(Input data Opens)
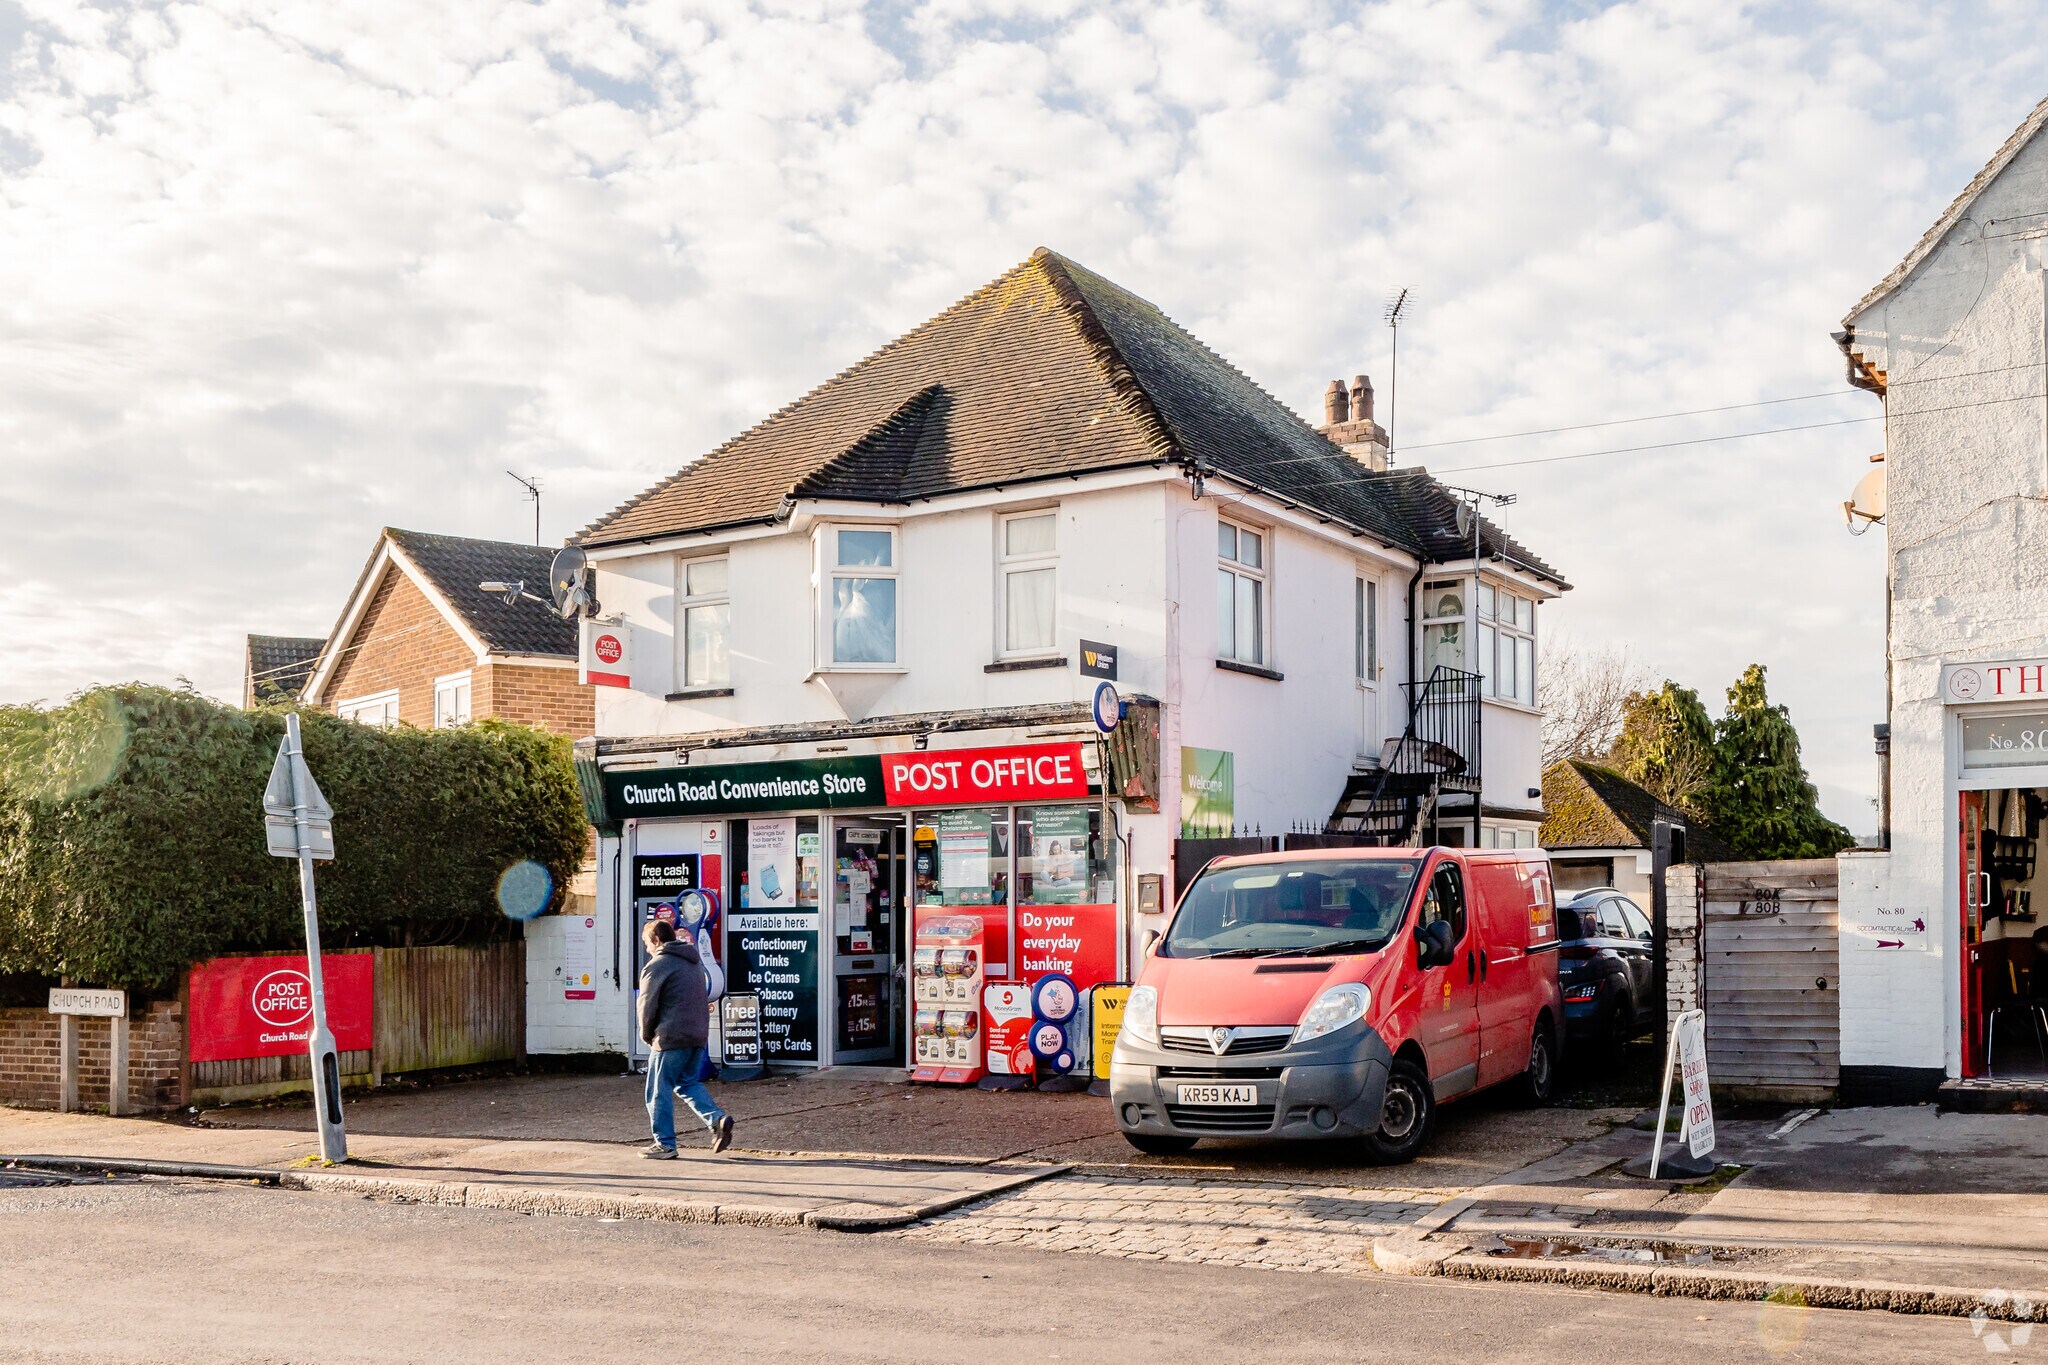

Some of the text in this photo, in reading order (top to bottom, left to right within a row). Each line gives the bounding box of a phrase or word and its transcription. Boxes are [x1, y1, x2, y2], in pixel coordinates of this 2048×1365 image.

[601, 640, 617, 649] POST
[597, 648, 619, 658] OFFICE
[1097, 661, 1109, 669] Union
[893, 755, 1074, 792] POST OFFICE
[623, 773, 866, 804] Church Road Convenience Store
[1188, 774, 1222, 791] Welcome
[848, 831, 860, 839] Gift
[641, 863, 689, 877] free cash
[640, 876, 689, 886] withdrawals
[1755, 888, 1780, 900] 80A
[1756, 902, 1780, 913] 80B
[1877, 907, 1905, 915] No. 80
[740, 916, 808, 929] Available here:
[1023, 912, 1074, 931] Do your
[741, 937, 807, 953] Confectionery
[1023, 933, 1081, 953] everyday
[759, 954, 789, 967] Drinks
[1023, 955, 1073, 975] banking
[748, 970, 800, 983] Ice Creams
[268, 982, 303, 996] POST
[754, 987, 793, 1000] Tobacco
[52, 994, 120, 1010] CHURCH ROAD
[260, 997, 307, 1012] OFFICE
[725, 1003, 756, 1019] free
[260, 1031, 308, 1042] Church Road
[725, 1029, 757, 1037] available
[725, 1040, 757, 1055] here
[784, 1038, 812, 1051] Cards
[1683, 1058, 1706, 1078] BARBER
[1689, 1078, 1704, 1096] SHOP
[1184, 1088, 1250, 1102] KR59 KAJ
[1690, 1100, 1710, 1126] OPEN
[1691, 1130, 1700, 1141] WET
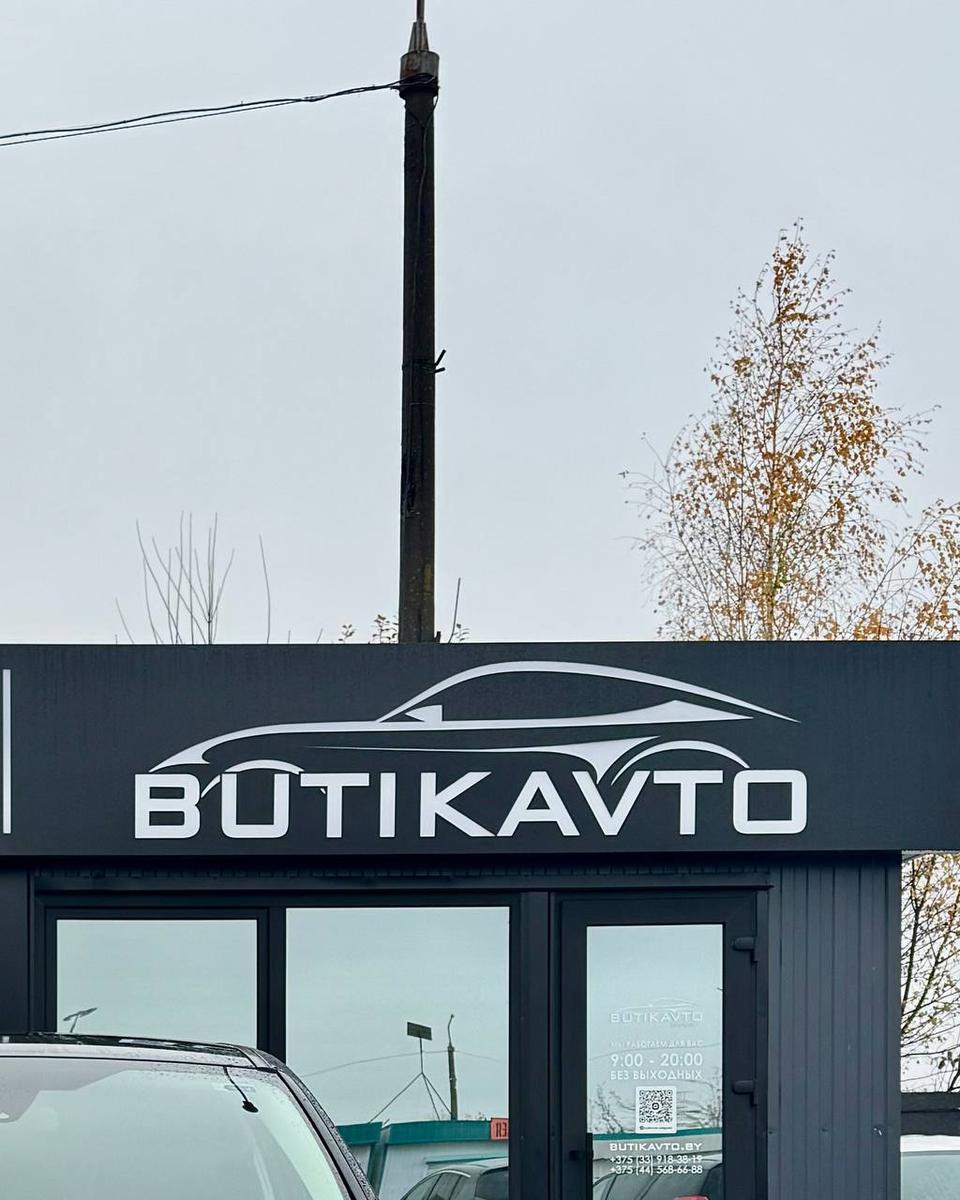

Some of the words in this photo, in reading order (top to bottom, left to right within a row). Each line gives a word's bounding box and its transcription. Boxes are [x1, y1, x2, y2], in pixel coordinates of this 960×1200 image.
(Input data Closes)
Problem statement:
The answer should be an exact restatement of every entry, with the pictures omitted.

Exercise output:
Some of the text in this photo, in reading order (top to bottom, left to right within a row). Each line gives the bounding box of a phrase or word and its transcription. Boxes are [x1, y1, x2, y2], in pixel coordinates of this 2048×1365 image.

[601, 640, 617, 649] POST
[597, 648, 619, 658] OFFICE
[1097, 661, 1109, 669] Union
[893, 755, 1074, 792] POST OFFICE
[623, 773, 866, 804] Church Road Convenience Store
[1188, 774, 1222, 791] Welcome
[848, 831, 860, 839] Gift
[641, 863, 689, 877] free cash
[640, 876, 689, 886] withdrawals
[1755, 888, 1780, 900] 80A
[1756, 902, 1780, 913] 80B
[1877, 907, 1905, 915] No. 80
[740, 916, 808, 929] Available here:
[1023, 912, 1074, 931] Do your
[741, 937, 807, 953] Confectionery
[1023, 933, 1081, 953] everyday
[759, 954, 789, 967] Drinks
[1023, 955, 1073, 975] banking
[748, 970, 800, 983] Ice Creams
[268, 982, 303, 996] POST
[754, 987, 793, 1000] Tobacco
[52, 994, 120, 1010] CHURCH ROAD
[260, 997, 307, 1012] OFFICE
[725, 1003, 756, 1019] free
[260, 1031, 308, 1042] Church Road
[725, 1029, 757, 1037] available
[725, 1040, 757, 1055] here
[784, 1038, 812, 1051] Cards
[1683, 1058, 1706, 1078] BARBER
[1689, 1078, 1704, 1096] SHOP
[1184, 1088, 1250, 1102] KR59 KAJ
[1690, 1100, 1710, 1126] OPEN
[1691, 1130, 1700, 1141] WET

Some of the words in this photo, in reading order (top to bottom, left to right within a row). Each line gives a word's bounding box and its transcription. Boxes are [x1, y1, x2, y2], in pixel coordinates of this 960×1200 image.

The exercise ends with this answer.